Lastly, their are my own foibles, which amount to stalling like a car on railroad tracks during certain social interactions. My thoughts leave me like a frightened driver hearing the oncoming train, and I'll sit their wincing invisiblely before the inevitable disaster happens. I have a penchant for encountering multiple trains somehow, those extroverted super-personalities engineered by the undiagnosed mad socialites of the world who cajole me into the third world of introversion until I gain enough energy to propel myself to an empty room or the outdoors after creating a meager excuse. Alternatively, their are rareperiods of time where I am that super-personality, crackling coal in the furnace while shining my mono-headlight down on some poor waifish fop who had the bad fortune to find me billowing with intensity.

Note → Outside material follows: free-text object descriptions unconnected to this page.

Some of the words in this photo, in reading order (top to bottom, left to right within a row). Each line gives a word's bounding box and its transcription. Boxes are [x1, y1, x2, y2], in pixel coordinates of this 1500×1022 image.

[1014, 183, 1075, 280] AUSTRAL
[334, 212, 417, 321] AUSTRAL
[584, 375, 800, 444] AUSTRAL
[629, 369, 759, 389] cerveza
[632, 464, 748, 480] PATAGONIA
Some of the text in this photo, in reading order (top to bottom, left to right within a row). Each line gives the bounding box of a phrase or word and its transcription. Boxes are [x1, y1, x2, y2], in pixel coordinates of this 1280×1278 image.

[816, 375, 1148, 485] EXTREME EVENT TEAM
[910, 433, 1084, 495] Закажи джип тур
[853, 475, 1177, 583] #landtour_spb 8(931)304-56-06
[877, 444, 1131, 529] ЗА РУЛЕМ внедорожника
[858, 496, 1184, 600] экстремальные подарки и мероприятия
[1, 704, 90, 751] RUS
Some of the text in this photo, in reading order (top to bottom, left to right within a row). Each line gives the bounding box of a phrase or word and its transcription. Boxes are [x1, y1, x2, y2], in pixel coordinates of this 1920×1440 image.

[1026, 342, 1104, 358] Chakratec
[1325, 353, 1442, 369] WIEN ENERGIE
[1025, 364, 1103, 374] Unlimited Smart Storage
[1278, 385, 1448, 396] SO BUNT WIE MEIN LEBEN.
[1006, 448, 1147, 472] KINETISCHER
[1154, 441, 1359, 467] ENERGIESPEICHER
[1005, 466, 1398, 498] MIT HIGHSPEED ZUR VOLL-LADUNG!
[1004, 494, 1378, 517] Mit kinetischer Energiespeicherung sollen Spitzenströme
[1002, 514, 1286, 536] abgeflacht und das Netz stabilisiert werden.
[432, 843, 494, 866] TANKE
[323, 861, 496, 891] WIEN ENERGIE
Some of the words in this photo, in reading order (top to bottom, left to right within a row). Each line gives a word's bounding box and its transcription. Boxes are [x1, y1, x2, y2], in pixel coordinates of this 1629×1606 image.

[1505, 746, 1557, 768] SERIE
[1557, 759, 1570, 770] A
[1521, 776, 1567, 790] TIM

What I don't understand, given the relative lack of solutions for anything mentioned, is how ordinary people are expected to form communities of emotion and transcend the necessity of business and familial interactions when the minor problems I have mentioned foster such a strongly negative experience. I guess the answer for me is to just deal with socially awkward situations that I should have mastered in high school. But what is the answer for an auto-mechanic getting fired by a boss he spent thirty years pretending to like, only to find out that unemployment is just around the corner? What is the answer for the single mother struggling with a waitressing position and a young mouth to feed? What is the solution for the family bombarded by medical bills? Are these people supposed to contain their desperate situations and unobserved tragedies in favor of social cohesion? Are they supposed to hide who they are, or embarrass themselves with revelations about their lives? This is why I fear strangers, why I don't trust them; because of my own unique problems that do not translate, because of the unnecessary suffering involved in pretending happiness before the face of someone you haven't an idea of how to care about, and because of the artless ways people react when you are at your most genuine.